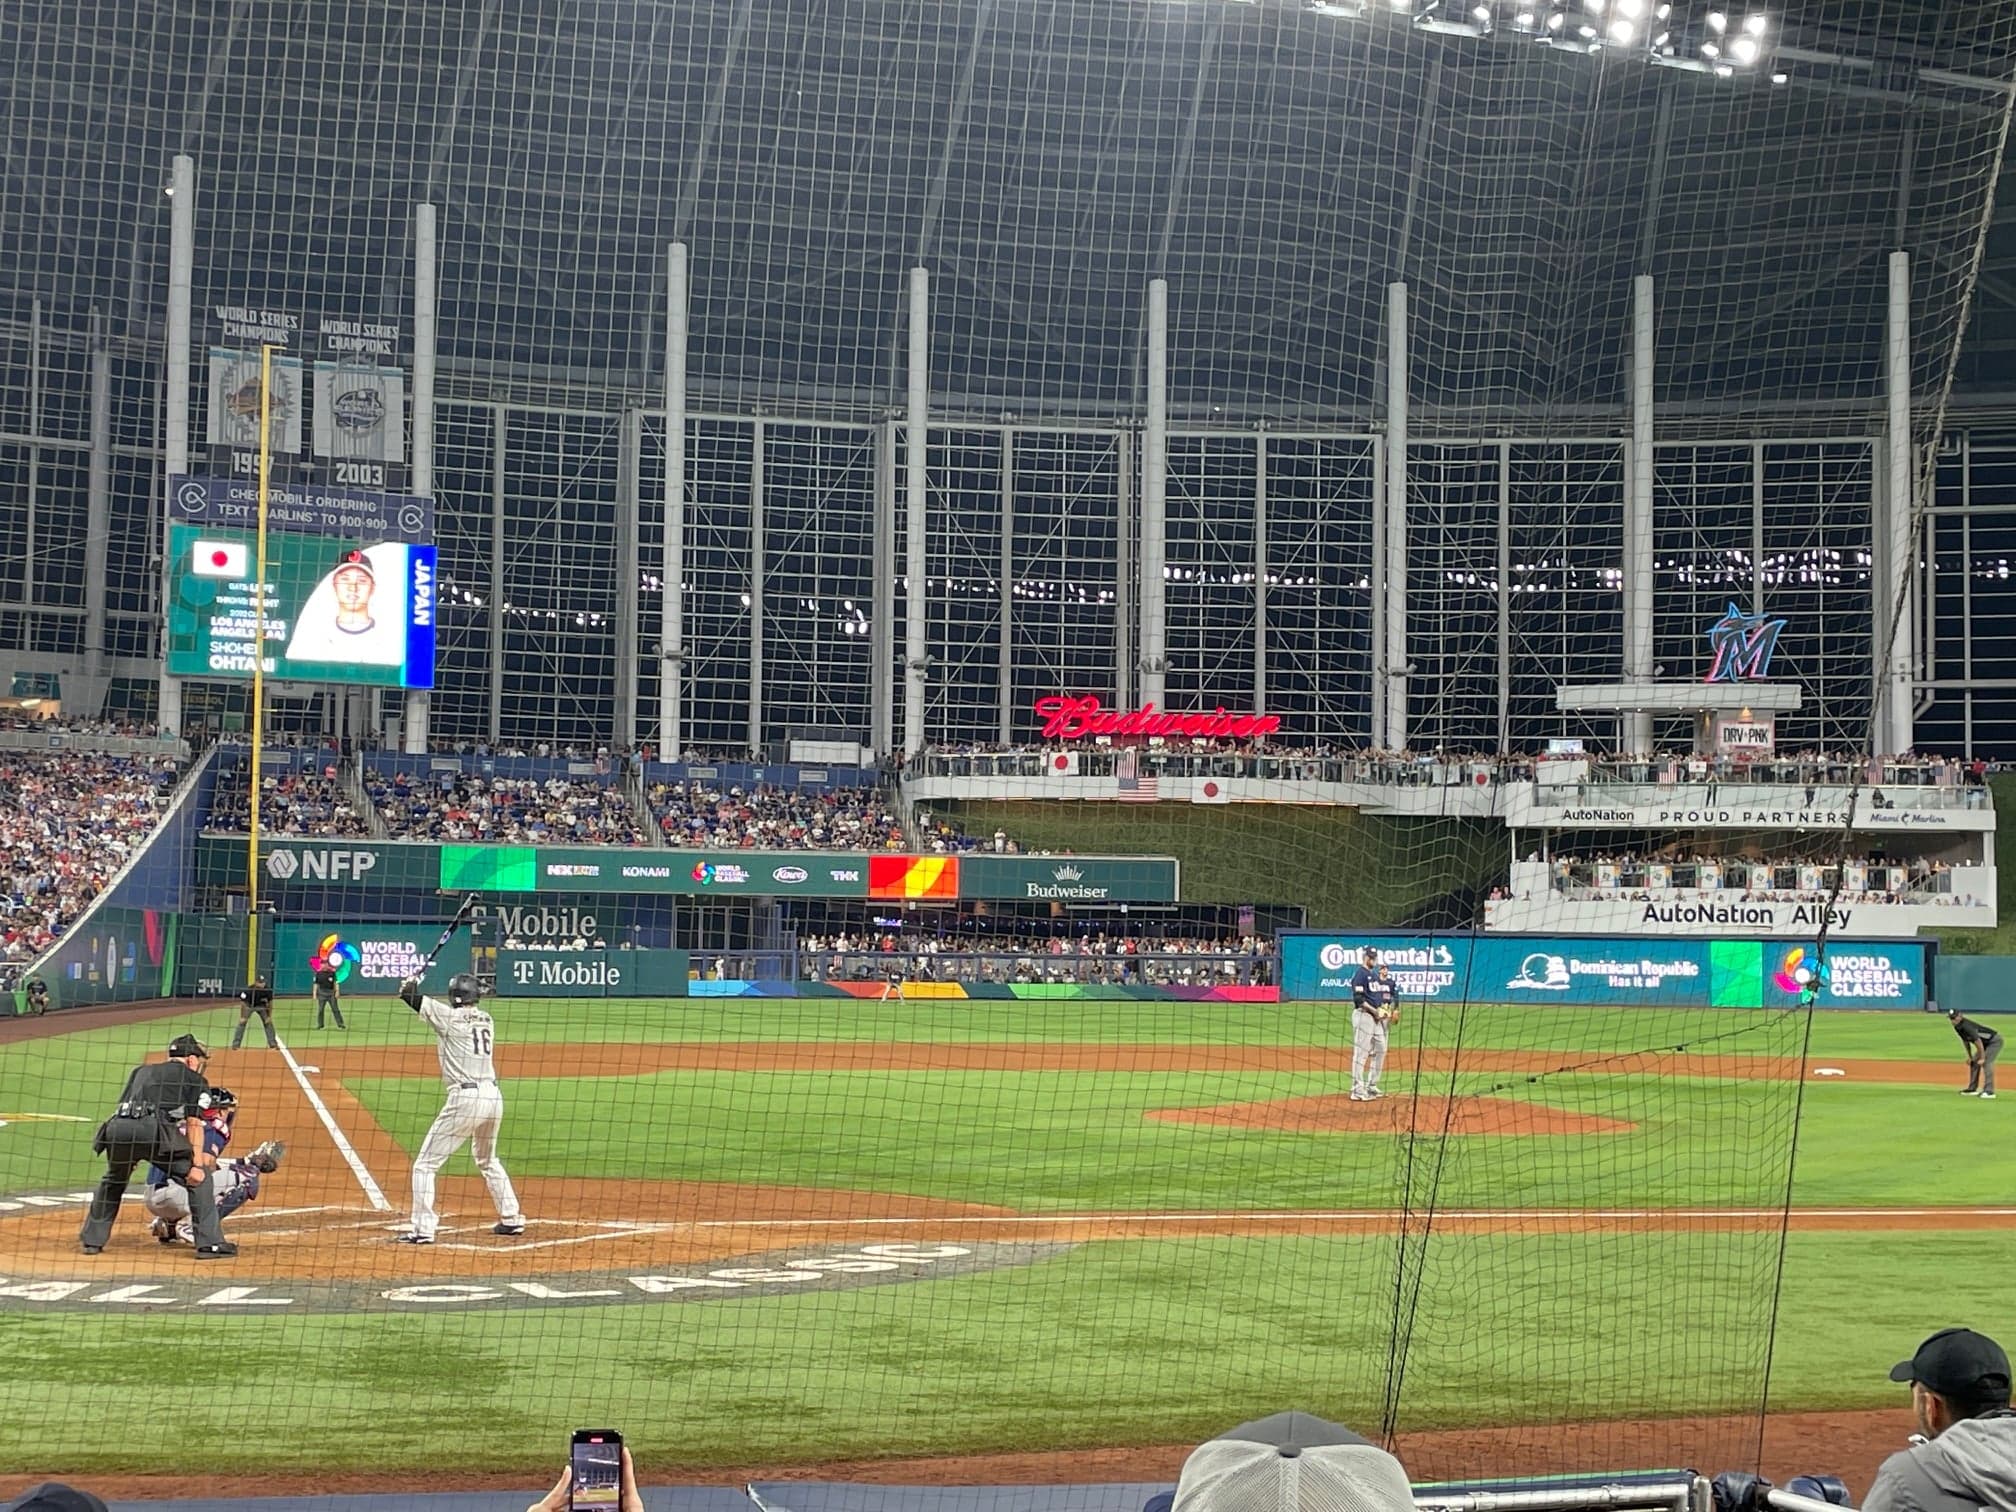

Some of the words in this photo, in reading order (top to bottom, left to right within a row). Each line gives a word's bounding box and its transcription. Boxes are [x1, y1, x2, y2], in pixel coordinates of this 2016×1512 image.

[216, 305, 257, 323] WORLD
[260, 311, 298, 329] SERIES
[224, 322, 289, 343] CHAMPIONS
[320, 319, 361, 336] WORLD
[363, 324, 399, 339] SERIES
[328, 336, 392, 354] CHAMPIONS
[336, 463, 383, 485] 2003
[267, 490, 313, 507] MOBILE
[316, 496, 377, 513] ORDERING
[218, 503, 249, 517] TEXT
[321, 513, 337, 525] TO
[414, 559, 431, 625] JAPAN
[1035, 696, 1280, 738] Budweiser
[1723, 727, 1745, 743] DRV
[1749, 727, 1768, 743] PNK
[1563, 809, 1634, 821] AutoNation
[1660, 811, 1729, 822] PROUD
[1743, 811, 1852, 823] PARTNERS
[1870, 813, 1899, 823] Miami
[303, 850, 376, 881] NFP
[622, 866, 670, 877] KONAMI
[1026, 882, 1108, 898] Budweiser
[495, 906, 597, 937] Mobile
[1642, 903, 1773, 924] AutoNation
[1791, 905, 1852, 930] Alley
[361, 941, 416, 954] WORLD
[1570, 959, 1639, 975] Dominican
[1641, 961, 1699, 977] Republic
[1830, 956, 1889, 970] WORLD
[539, 962, 620, 985] Mobile
[1608, 976, 1631, 987] Has
[1830, 969, 1912, 984] BASEBALL
[198, 979, 222, 994] 344
[472, 1028, 491, 1055] 16
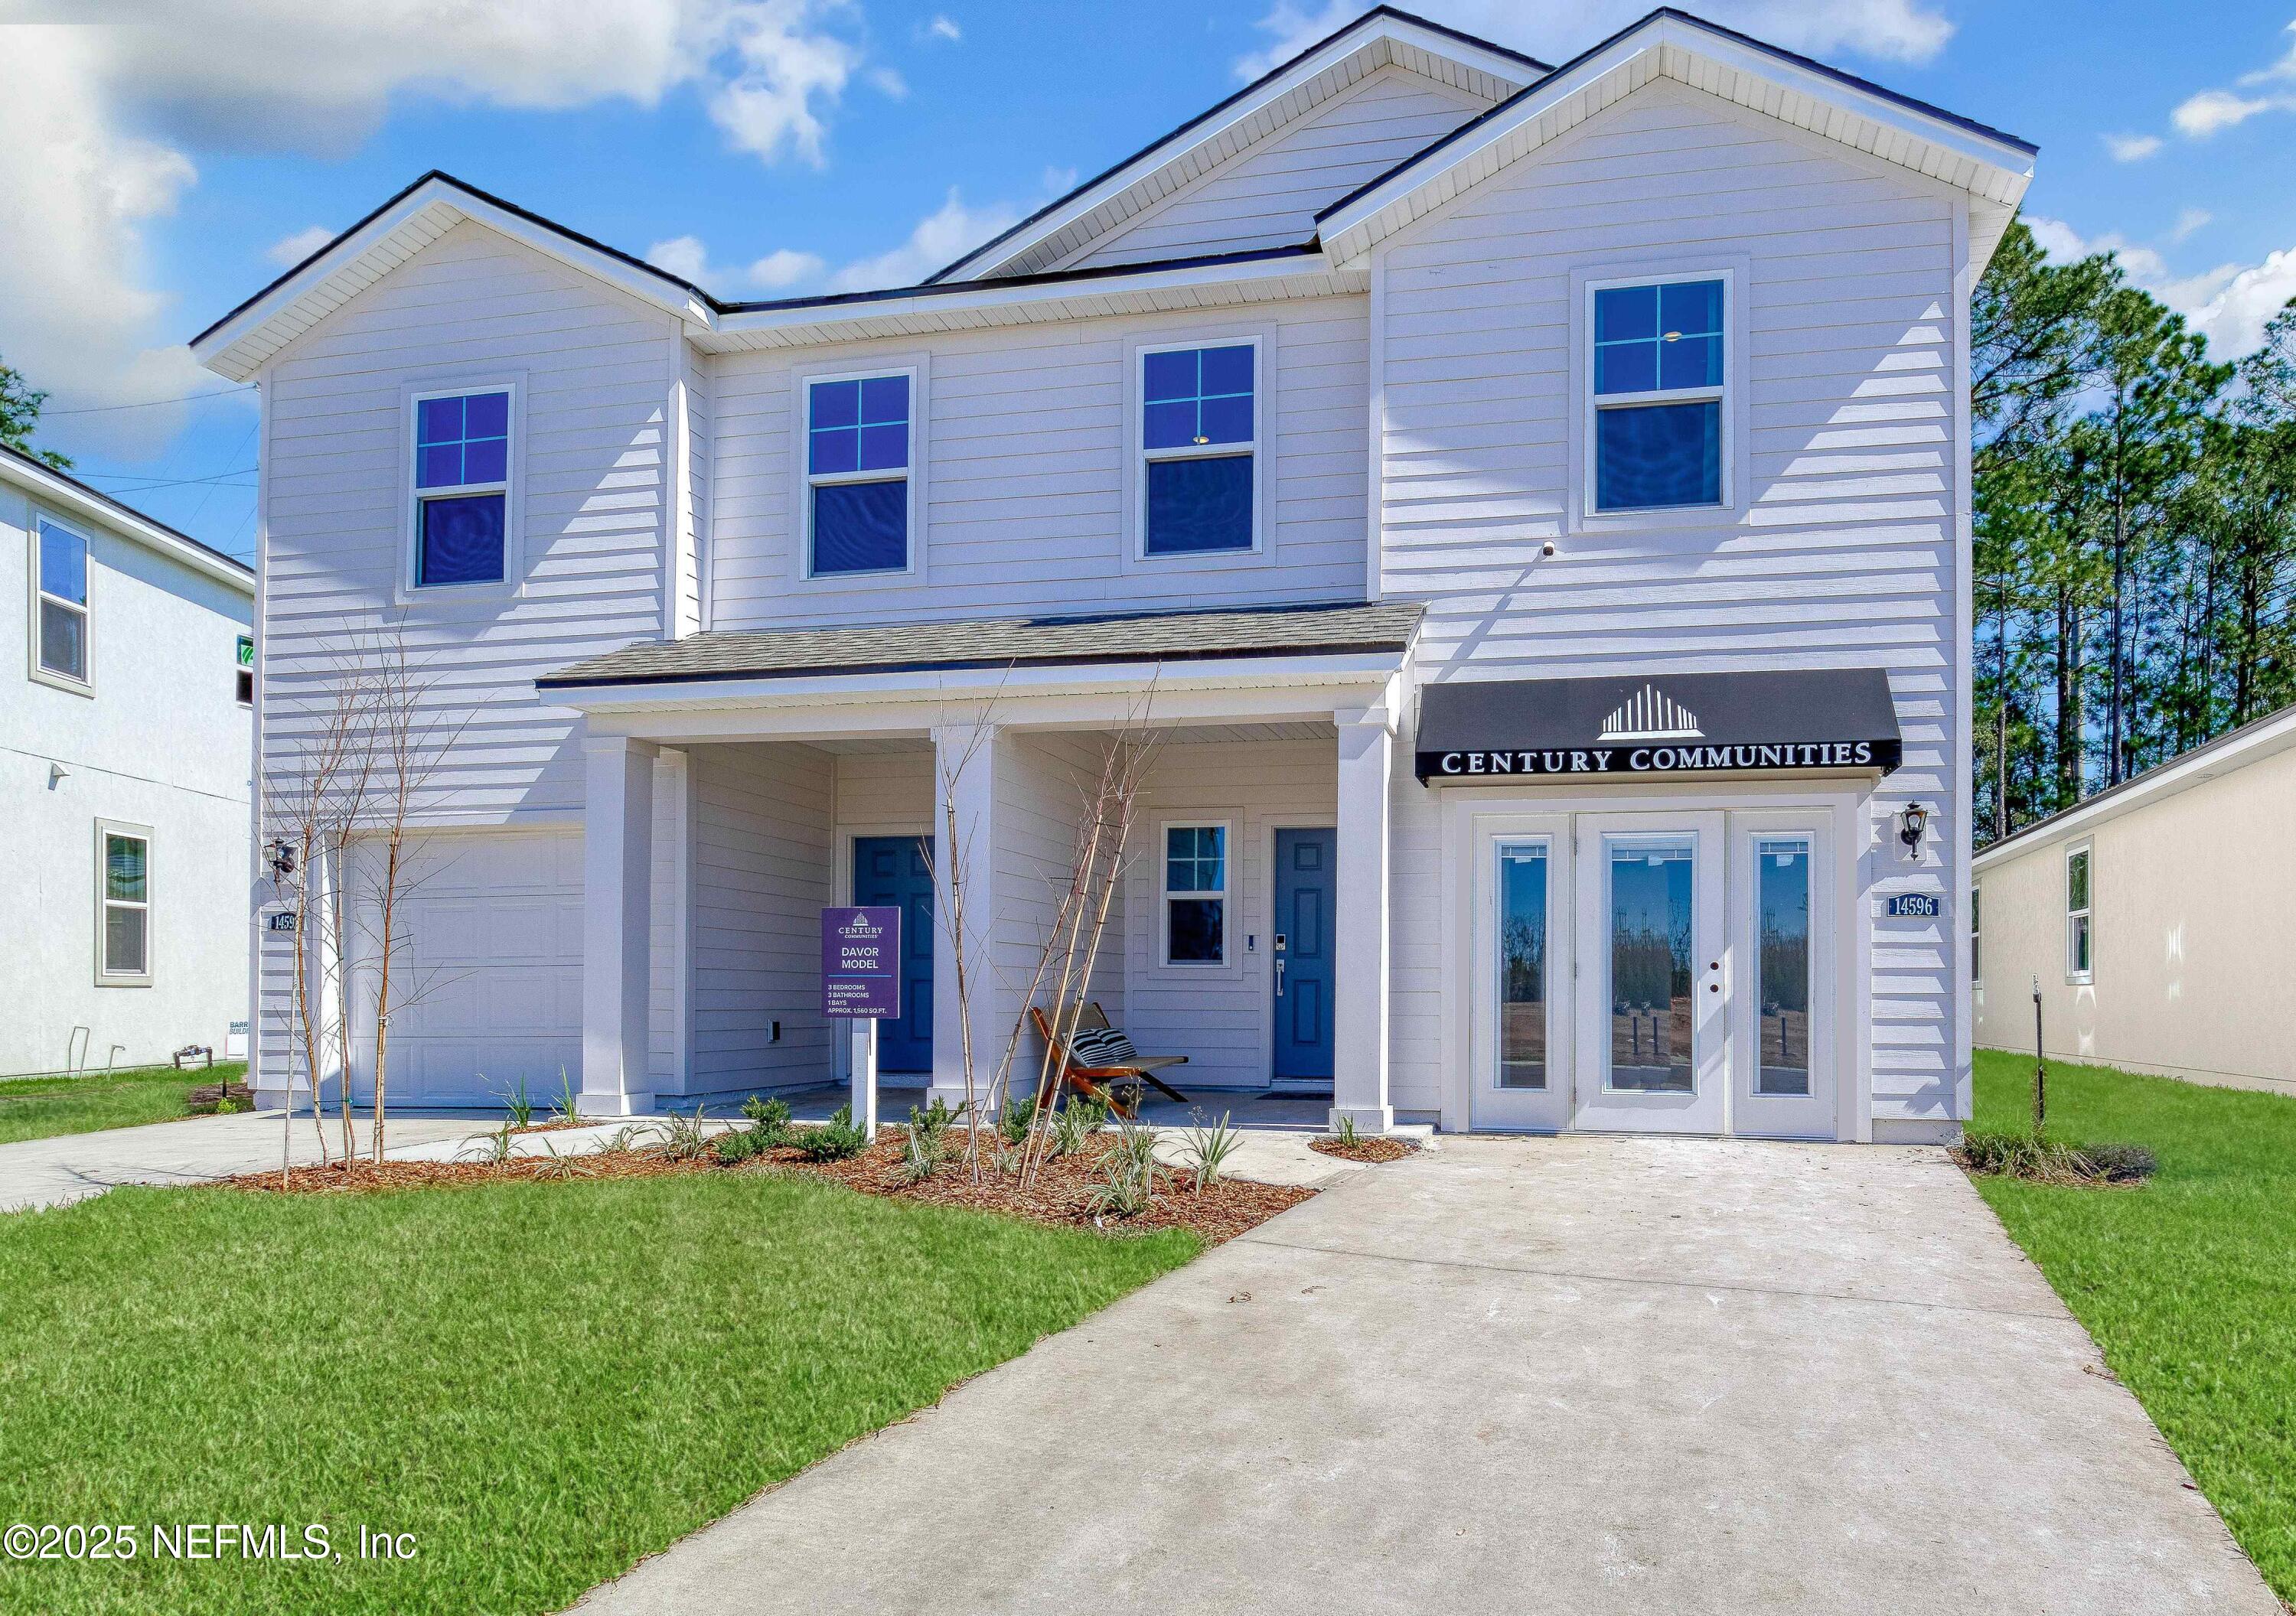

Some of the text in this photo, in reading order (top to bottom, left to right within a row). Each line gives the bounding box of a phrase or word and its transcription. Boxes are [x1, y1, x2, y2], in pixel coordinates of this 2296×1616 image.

[1442, 742, 1871, 773] CENTURY COMMUNITIES
[1895, 897, 1932, 915] 14596
[276, 915, 295, 929] 1459
[842, 947, 879, 956] DAVOR
[842, 960, 879, 969] MODEL

◇ ◇ ◇ ◇ ◇

#### [What this task involves]
Leave the pictures out. Otherwise, output the listing above exactly.

#### [Solution to the problem]
Some of the words in this photo, in reading order (top to bottom, left to right within a row). Each line gives a word's bounding box and its transcription. Boxes are [x1, y1, x2, y2], in pixel coordinates of this 2016×1512 image.

[216, 305, 257, 323] WORLD
[260, 311, 298, 329] SERIES
[224, 322, 289, 343] CHAMPIONS
[320, 319, 361, 336] WORLD
[363, 324, 399, 339] SERIES
[328, 336, 392, 354] CHAMPIONS
[336, 463, 383, 485] 2003
[267, 490, 313, 507] MOBILE
[316, 496, 377, 513] ORDERING
[218, 503, 249, 517] TEXT
[321, 513, 337, 525] TO
[414, 559, 431, 625] JAPAN
[1035, 696, 1280, 738] Budweiser
[1723, 727, 1745, 743] DRV
[1749, 727, 1768, 743] PNK
[1563, 809, 1634, 821] AutoNation
[1660, 811, 1729, 822] PROUD
[1743, 811, 1852, 823] PARTNERS
[1870, 813, 1899, 823] Miami
[303, 850, 376, 881] NFP
[622, 866, 670, 877] KONAMI
[1026, 882, 1108, 898] Budweiser
[495, 906, 597, 937] Mobile
[1642, 903, 1773, 924] AutoNation
[1791, 905, 1852, 930] Alley
[361, 941, 416, 954] WORLD
[1570, 959, 1639, 975] Dominican
[1641, 961, 1699, 977] Republic
[1830, 956, 1889, 970] WORLD
[539, 962, 620, 985] Mobile
[1608, 976, 1631, 987] Has
[1830, 969, 1912, 984] BASEBALL
[198, 979, 222, 994] 344
[472, 1028, 491, 1055] 16

Some of the text in this photo, in reading order (top to bottom, left to right within a row). Each line gives the bounding box of a phrase or word and its transcription. Boxes are [x1, y1, x2, y2], in pixel coordinates of this 2296×1616 image.

[1442, 742, 1871, 773] CENTURY COMMUNITIES
[1895, 897, 1932, 915] 14596
[276, 915, 295, 929] 1459
[842, 947, 879, 956] DAVOR
[842, 960, 879, 969] MODEL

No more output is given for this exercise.